### Records contained in a dataset
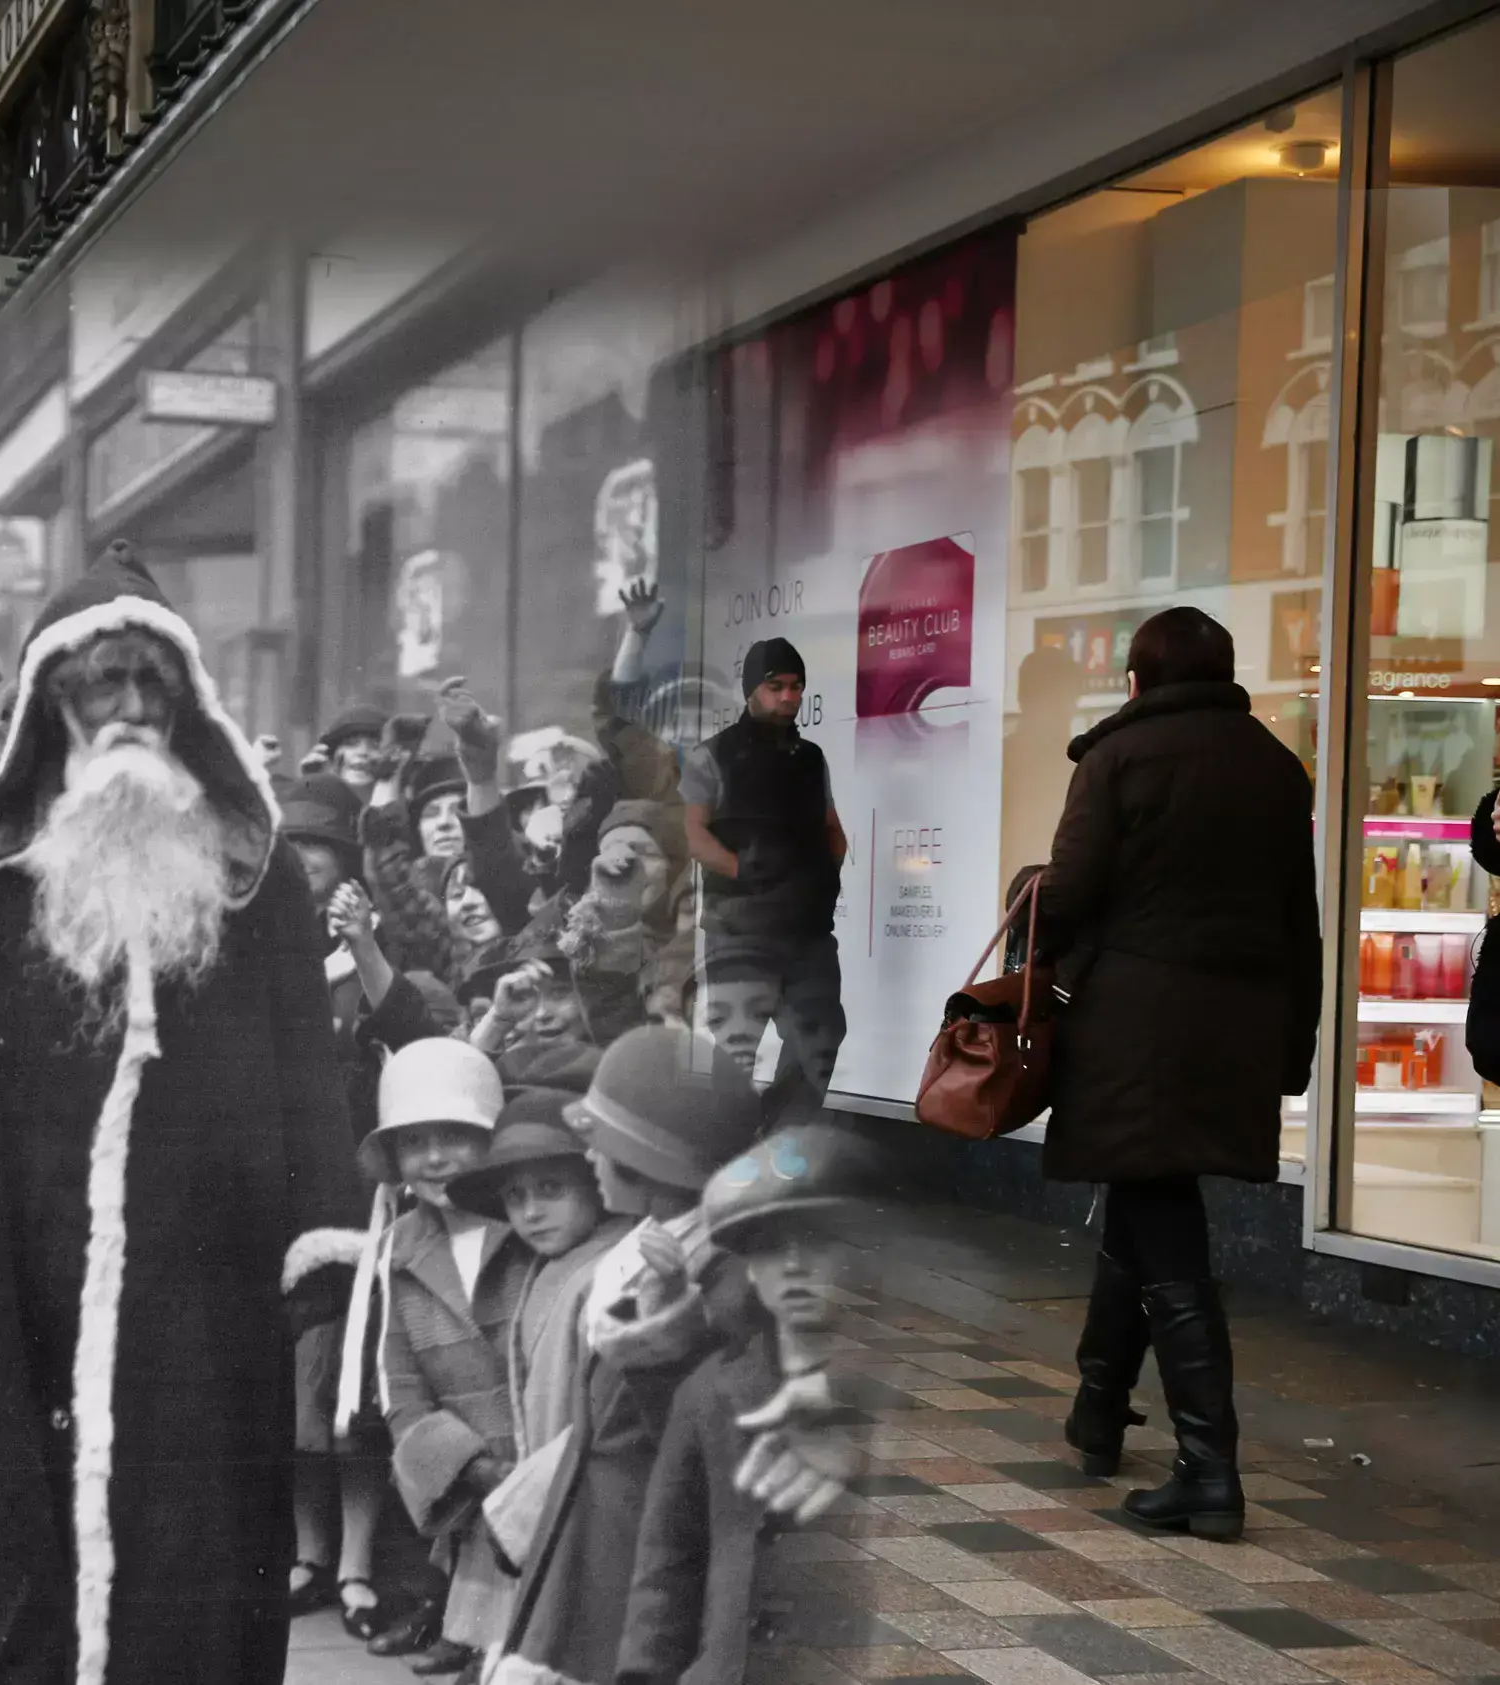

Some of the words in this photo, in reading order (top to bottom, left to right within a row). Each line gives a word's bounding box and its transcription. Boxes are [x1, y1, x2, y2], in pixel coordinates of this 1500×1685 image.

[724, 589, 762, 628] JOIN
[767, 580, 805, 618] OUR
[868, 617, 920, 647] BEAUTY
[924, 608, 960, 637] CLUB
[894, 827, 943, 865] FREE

### TASK INSTRUCTIONS
Each line of the data above needs to be retyped as it is, without any picture.

### SOLUTION TO THIS TASK
Some of the words in this photo, in reading order (top to bottom, left to right within a row). Each line gives a word's bounding box and its transcription. Boxes are [x1, y1, x2, y2], in pixel coordinates of this 1500×1685 image.

[724, 589, 762, 628] JOIN
[767, 580, 805, 618] OUR
[868, 617, 920, 647] BEAUTY
[924, 608, 960, 637] CLUB
[894, 827, 943, 865] FREE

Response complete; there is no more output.